> WORK INSTRUCTIONS:
Omit all pictures, and print word for word only the lines from the one containing "this 1250×1145 image." through the end of the data.

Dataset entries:
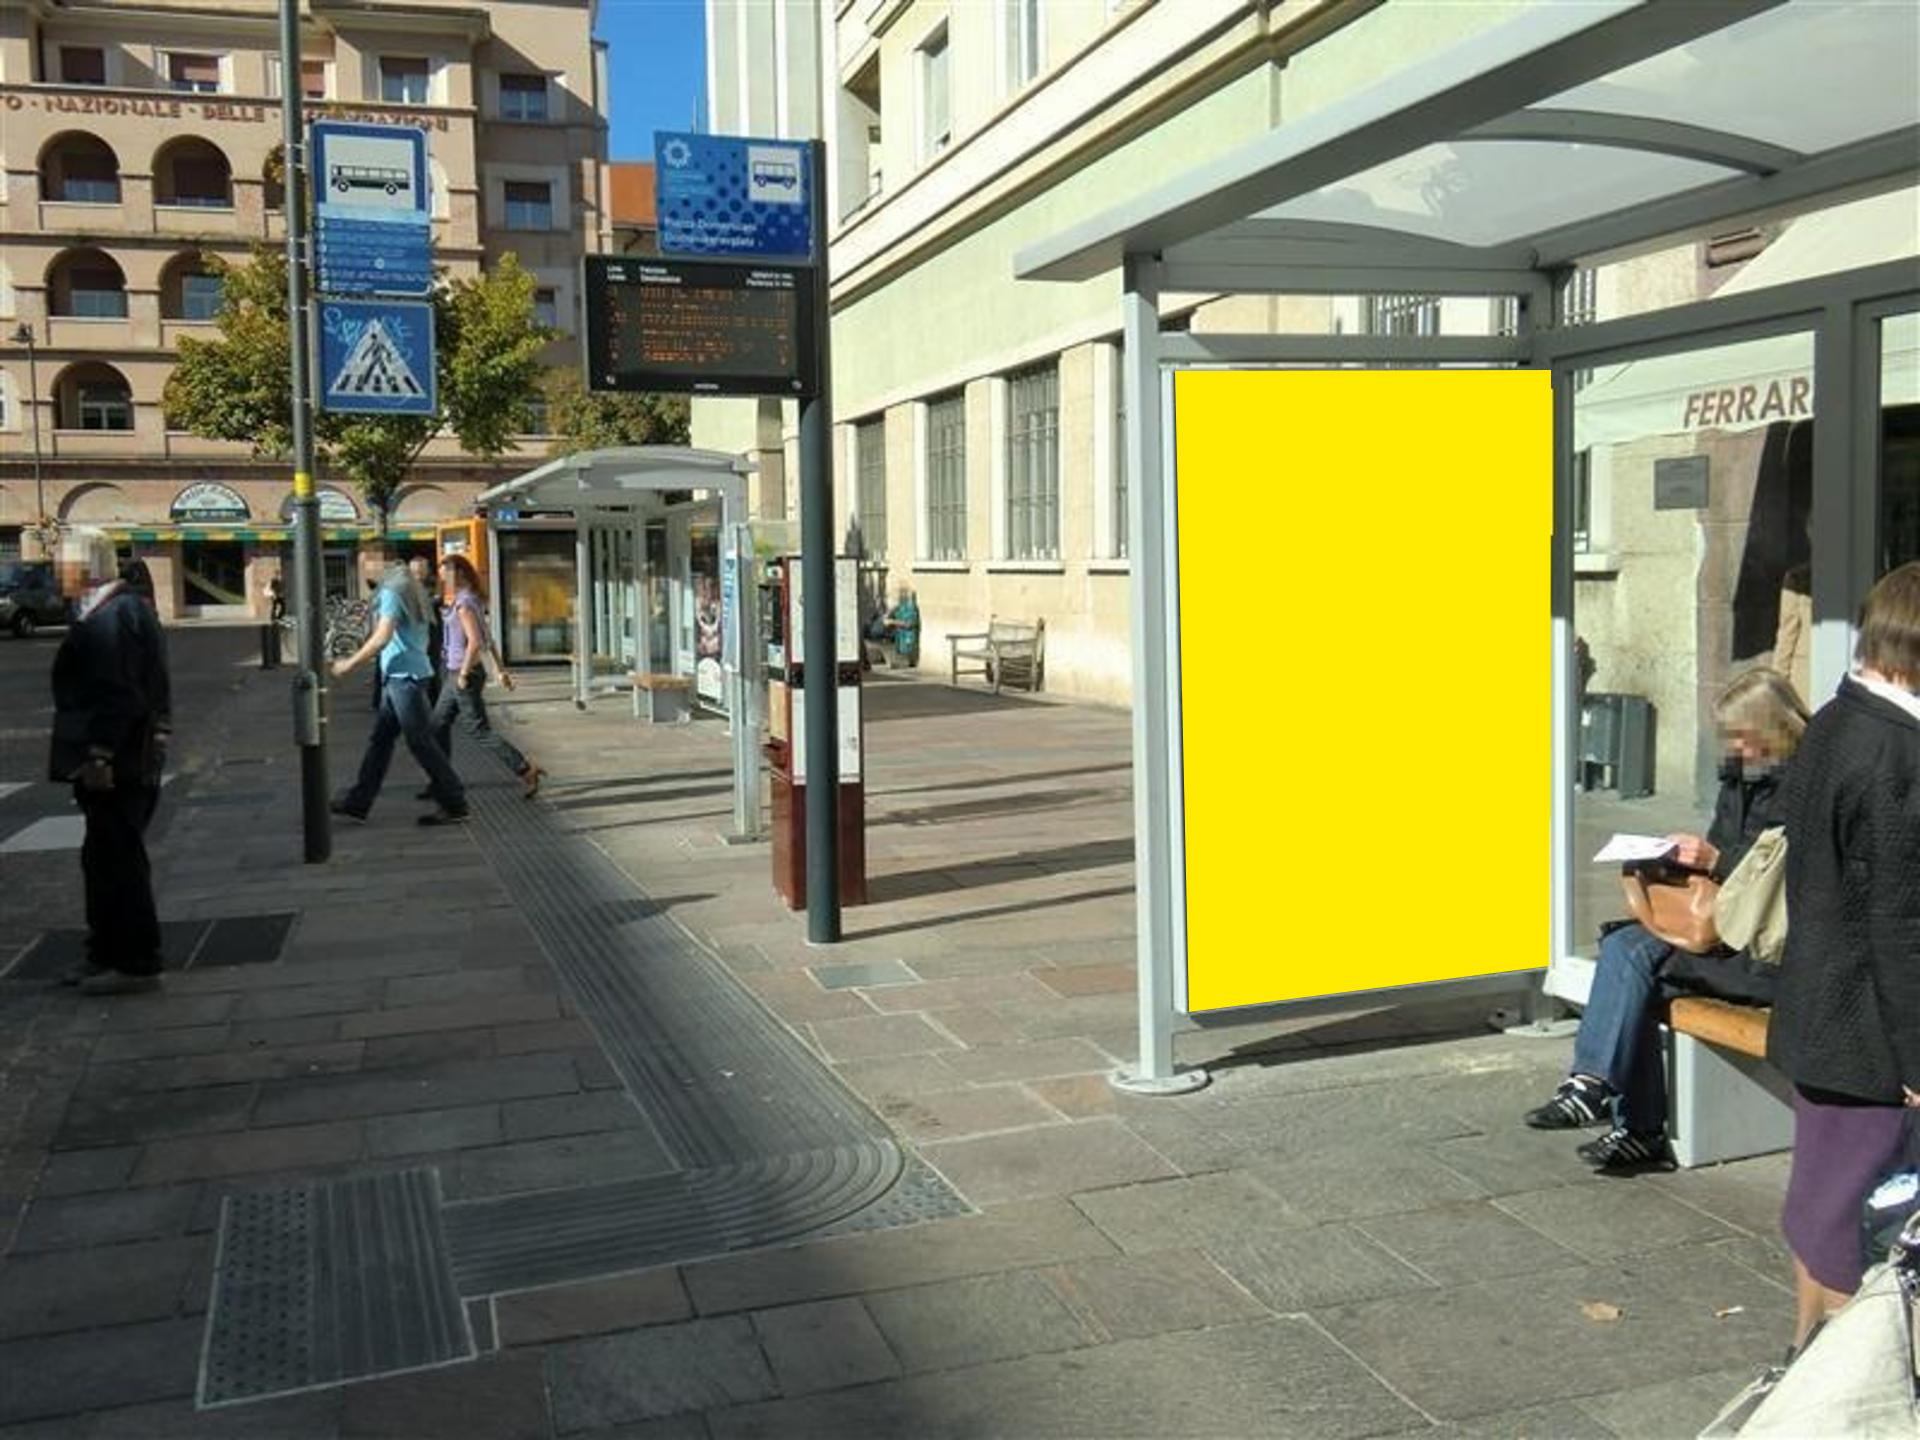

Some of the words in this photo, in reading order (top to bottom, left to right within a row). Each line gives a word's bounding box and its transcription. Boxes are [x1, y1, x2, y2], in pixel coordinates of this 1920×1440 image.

[45, 95, 182, 119] NAZIONALE
[203, 104, 265, 123] DELLE
[1684, 376, 1810, 429] FERRAR
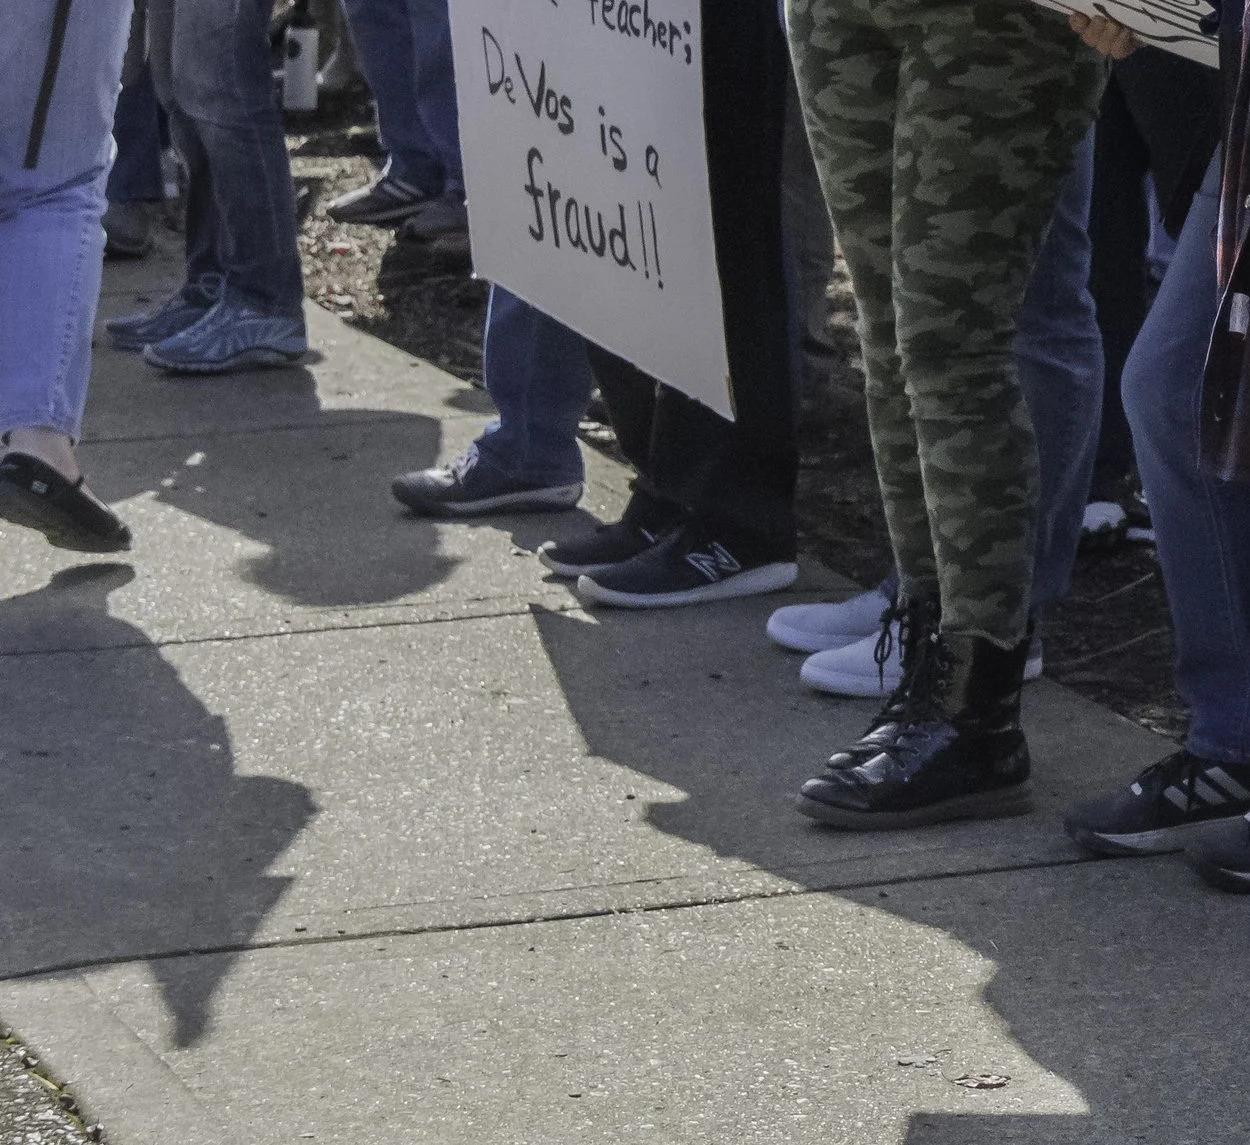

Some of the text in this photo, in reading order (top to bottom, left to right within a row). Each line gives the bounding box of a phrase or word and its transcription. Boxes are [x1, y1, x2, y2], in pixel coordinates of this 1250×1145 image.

[481, 26, 662, 189] DeVos is a
[524, 147, 665, 290] fraud!!
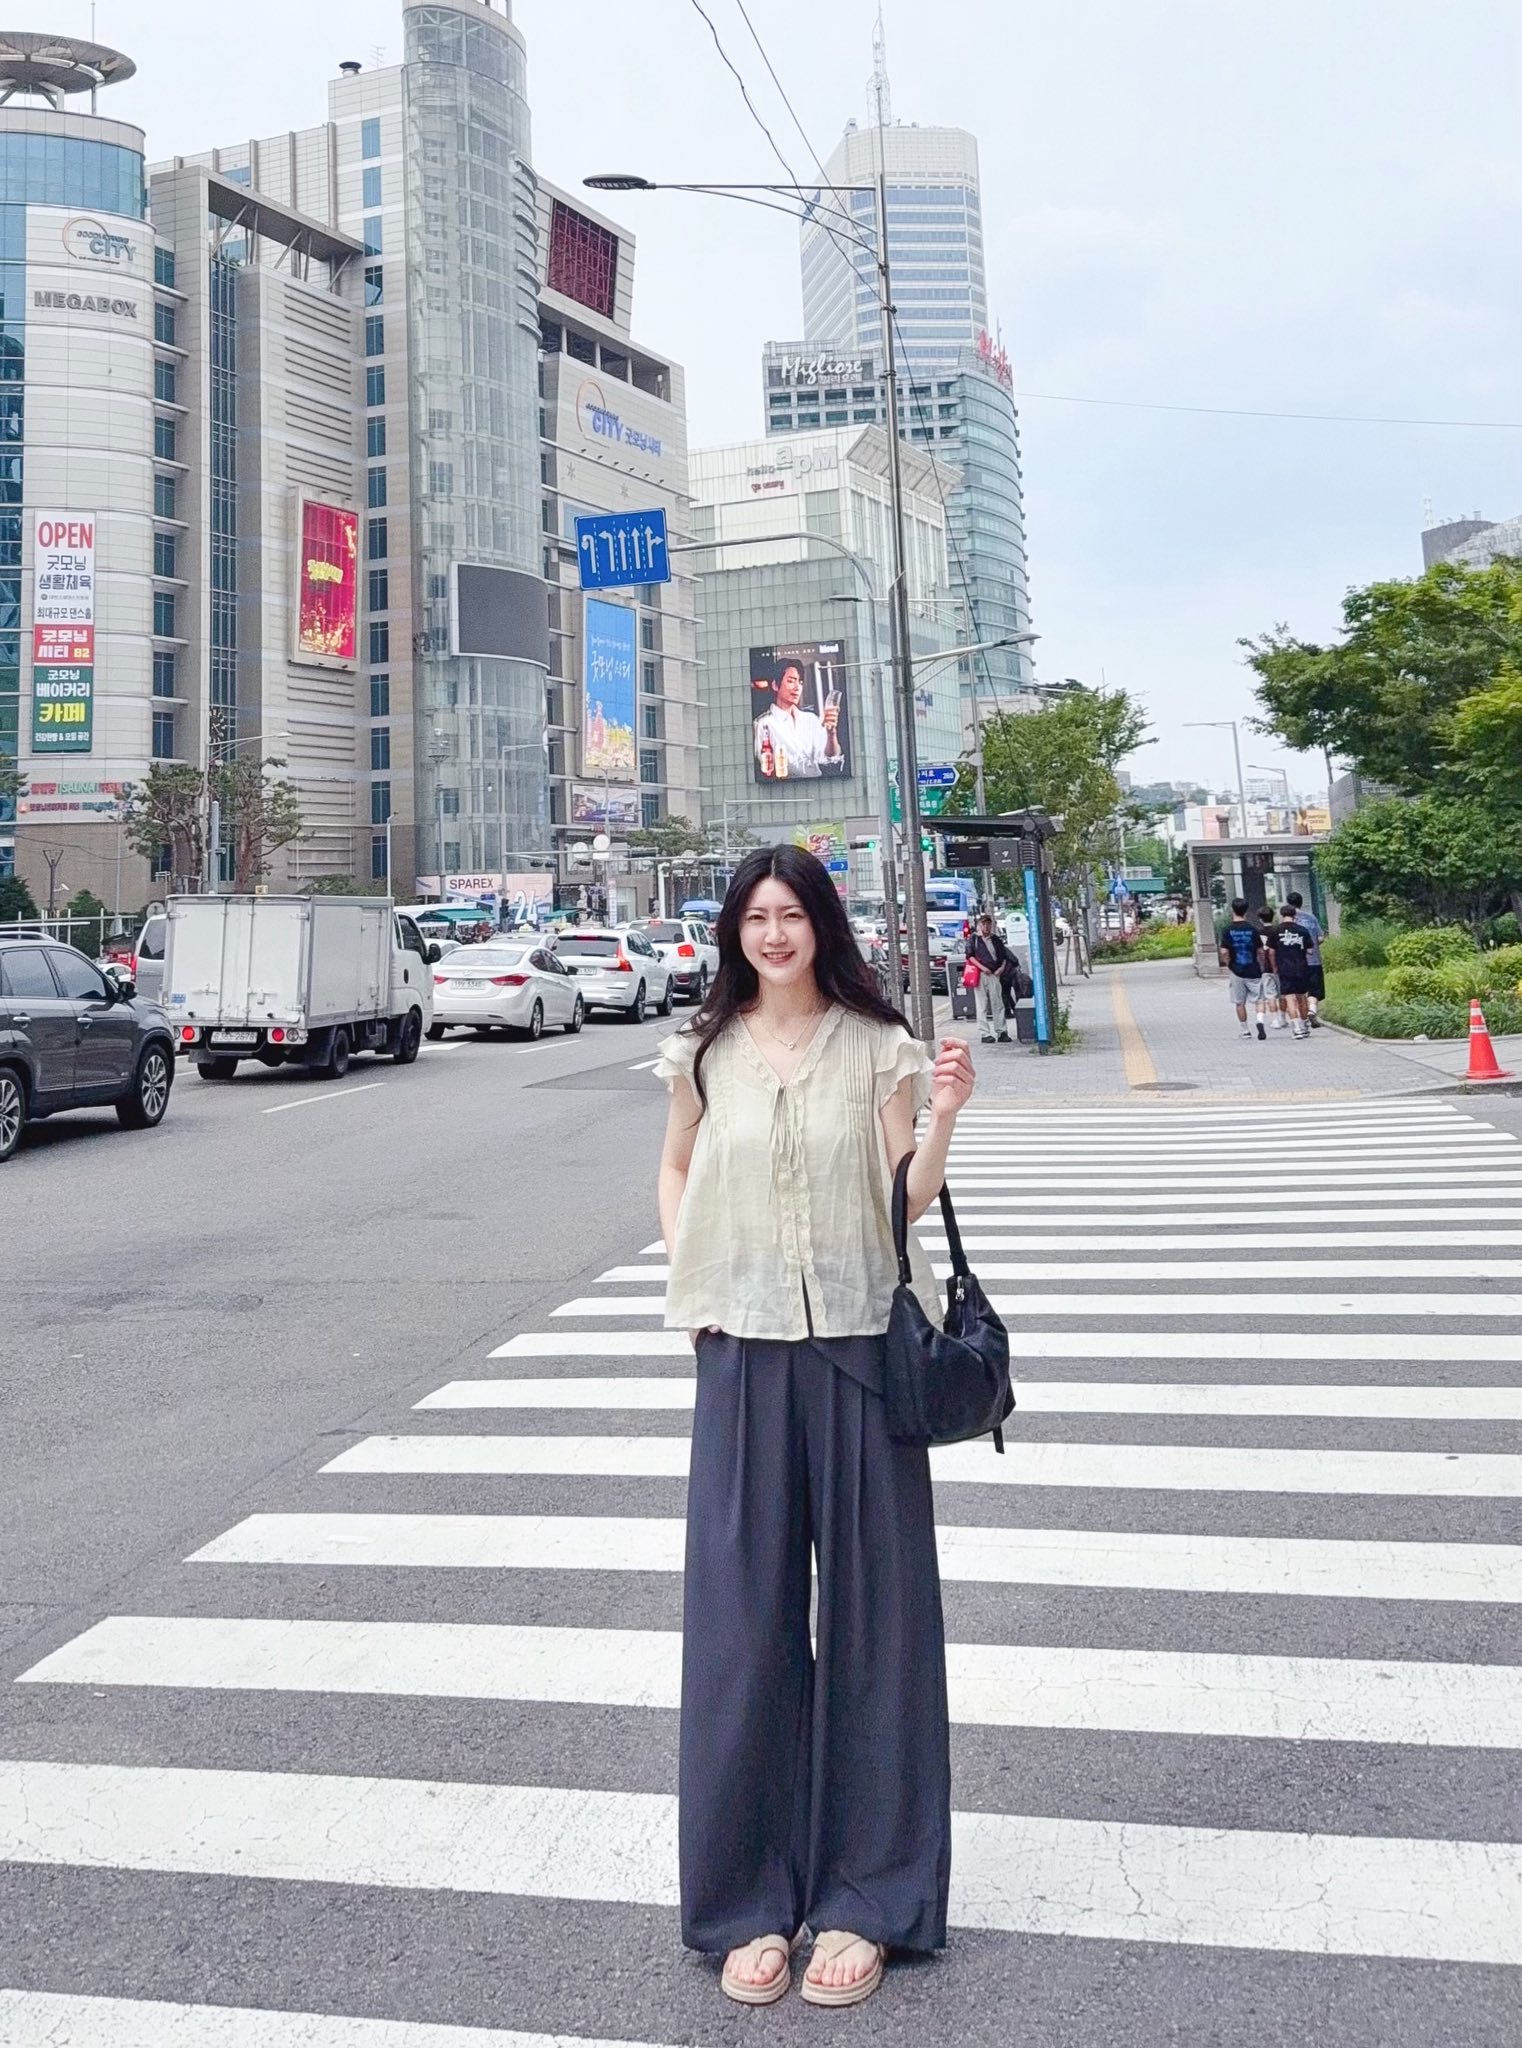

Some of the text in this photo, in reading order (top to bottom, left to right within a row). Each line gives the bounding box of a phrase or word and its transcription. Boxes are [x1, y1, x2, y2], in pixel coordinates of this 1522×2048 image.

[89, 239, 136, 261] CITY
[34, 291, 137, 318] MEGABOX
[781, 352, 863, 384] Migliore
[592, 411, 624, 441] CITY
[38, 521, 93, 549] OPEN
[47, 554, 86, 571] 굿모닝
[39, 574, 92, 591] 생활체육
[37, 606, 68, 619] 최대규모
[41, 629, 88, 643] 굿모닝
[37, 645, 91, 658] 시티 B2
[36, 683, 90, 697] 베이커리
[39, 703, 86, 722] 카페
[61, 782, 97, 794] SAUNA
[449, 878, 494, 890] SPAREX
[514, 889, 538, 925] 24

> RESULT:
Some of the text in this photo, in reading order (top to bottom, left to right within a row). Each line gives the bounding box of a phrase or word and its transcription. Boxes are [x1, y1, x2, y2], in pixel coordinates of this 1250×1145 image.

[481, 26, 662, 189] DeVos is a
[524, 147, 665, 290] fraud!!

Some of the text in this photo, in reading order (top to bottom, left to right within a row). Each line gives the bounding box of a phrase or word and its transcription. Boxes are [x1, y1, x2, y2], in pixel coordinates of this 1522×2048 image.

[89, 239, 136, 261] CITY
[34, 291, 137, 318] MEGABOX
[781, 352, 863, 384] Migliore
[592, 411, 624, 441] CITY
[38, 521, 93, 549] OPEN
[47, 554, 86, 571] 굿모닝
[39, 574, 92, 591] 생활체육
[37, 606, 68, 619] 최대규모
[41, 629, 88, 643] 굿모닝
[37, 645, 91, 658] 시티 B2
[36, 683, 90, 697] 베이커리
[39, 703, 86, 722] 카페
[61, 782, 97, 794] SAUNA
[449, 878, 494, 890] SPAREX
[514, 889, 538, 925] 24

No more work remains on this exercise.